**Activity**: Return the whole listing exactly as written.

**Listed entries**:
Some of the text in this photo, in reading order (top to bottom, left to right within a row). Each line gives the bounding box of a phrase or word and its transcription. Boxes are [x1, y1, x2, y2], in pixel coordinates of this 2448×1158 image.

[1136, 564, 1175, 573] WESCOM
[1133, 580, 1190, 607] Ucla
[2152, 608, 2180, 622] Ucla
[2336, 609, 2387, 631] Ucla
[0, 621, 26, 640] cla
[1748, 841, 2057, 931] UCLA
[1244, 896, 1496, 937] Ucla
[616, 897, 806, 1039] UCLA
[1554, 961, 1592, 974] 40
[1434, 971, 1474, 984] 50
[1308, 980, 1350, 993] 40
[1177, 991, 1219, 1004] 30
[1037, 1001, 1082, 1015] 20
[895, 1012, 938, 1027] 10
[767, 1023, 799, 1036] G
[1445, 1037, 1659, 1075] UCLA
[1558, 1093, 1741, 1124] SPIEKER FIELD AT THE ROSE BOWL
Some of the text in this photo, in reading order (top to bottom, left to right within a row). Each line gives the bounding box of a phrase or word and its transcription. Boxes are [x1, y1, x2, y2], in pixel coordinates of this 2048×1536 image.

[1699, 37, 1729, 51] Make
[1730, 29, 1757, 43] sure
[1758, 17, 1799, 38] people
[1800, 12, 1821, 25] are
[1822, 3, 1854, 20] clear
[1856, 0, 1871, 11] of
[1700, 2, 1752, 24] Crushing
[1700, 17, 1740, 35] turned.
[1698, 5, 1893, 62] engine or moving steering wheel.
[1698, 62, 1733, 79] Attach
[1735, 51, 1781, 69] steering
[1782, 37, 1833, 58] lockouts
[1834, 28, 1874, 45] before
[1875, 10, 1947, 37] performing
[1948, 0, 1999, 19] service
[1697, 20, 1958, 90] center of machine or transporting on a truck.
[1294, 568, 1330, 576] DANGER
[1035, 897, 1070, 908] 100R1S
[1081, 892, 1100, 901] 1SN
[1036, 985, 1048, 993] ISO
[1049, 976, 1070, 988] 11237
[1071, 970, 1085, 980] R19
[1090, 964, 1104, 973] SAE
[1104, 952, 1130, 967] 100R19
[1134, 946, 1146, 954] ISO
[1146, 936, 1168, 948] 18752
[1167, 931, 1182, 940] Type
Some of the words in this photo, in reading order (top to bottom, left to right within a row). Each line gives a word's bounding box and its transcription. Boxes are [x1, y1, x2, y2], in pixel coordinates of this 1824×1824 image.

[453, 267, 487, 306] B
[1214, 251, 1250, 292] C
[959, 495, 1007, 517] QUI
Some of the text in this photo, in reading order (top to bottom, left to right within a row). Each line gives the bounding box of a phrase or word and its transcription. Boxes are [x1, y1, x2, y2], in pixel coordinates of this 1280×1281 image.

**Your solution**:
Some of the text in this photo, in reading order (top to bottom, left to right within a row). Each line gives the bounding box of a phrase or word and its transcription. Boxes are [x1, y1, x2, y2], in pixel coordinates of this 2448×1158 image.

[1136, 564, 1175, 573] WESCOM
[1133, 580, 1190, 607] Ucla
[2152, 608, 2180, 622] Ucla
[2336, 609, 2387, 631] Ucla
[0, 621, 26, 640] cla
[1748, 841, 2057, 931] UCLA
[1244, 896, 1496, 937] Ucla
[616, 897, 806, 1039] UCLA
[1554, 961, 1592, 974] 40
[1434, 971, 1474, 984] 50
[1308, 980, 1350, 993] 40
[1177, 991, 1219, 1004] 30
[1037, 1001, 1082, 1015] 20
[895, 1012, 938, 1027] 10
[767, 1023, 799, 1036] G
[1445, 1037, 1659, 1075] UCLA
[1558, 1093, 1741, 1124] SPIEKER FIELD AT THE ROSE BOWL
Some of the text in this photo, in reading order (top to bottom, left to right within a row). Each line gives the bounding box of a phrase or word and its transcription. Boxes are [x1, y1, x2, y2], in pixel coordinates of this 2048×1536 image.

[1699, 37, 1729, 51] Make
[1730, 29, 1757, 43] sure
[1758, 17, 1799, 38] people
[1800, 12, 1821, 25] are
[1822, 3, 1854, 20] clear
[1856, 0, 1871, 11] of
[1700, 2, 1752, 24] Crushing
[1700, 17, 1740, 35] turned.
[1698, 5, 1893, 62] engine or moving steering wheel.
[1698, 62, 1733, 79] Attach
[1735, 51, 1781, 69] steering
[1782, 37, 1833, 58] lockouts
[1834, 28, 1874, 45] before
[1875, 10, 1947, 37] performing
[1948, 0, 1999, 19] service
[1697, 20, 1958, 90] center of machine or transporting on a truck.
[1294, 568, 1330, 576] DANGER
[1035, 897, 1070, 908] 100R1S
[1081, 892, 1100, 901] 1SN
[1036, 985, 1048, 993] ISO
[1049, 976, 1070, 988] 11237
[1071, 970, 1085, 980] R19
[1090, 964, 1104, 973] SAE
[1104, 952, 1130, 967] 100R19
[1134, 946, 1146, 954] ISO
[1146, 936, 1168, 948] 18752
[1167, 931, 1182, 940] Type
Some of the words in this photo, in reading order (top to bottom, left to right within a row). Each line gives a word's bounding box and its transcription. Boxes are [x1, y1, x2, y2], in pixel coordinates of this 1824×1824 image.

[453, 267, 487, 306] B
[1214, 251, 1250, 292] C
[959, 495, 1007, 517] QUI
Some of the text in this photo, in reading order (top to bottom, left to right within a row). Each line gives the bounding box of a phrase or word and its transcription. Boxes are [x1, y1, x2, y2], in pixel coordinates of this 1280×1281 image.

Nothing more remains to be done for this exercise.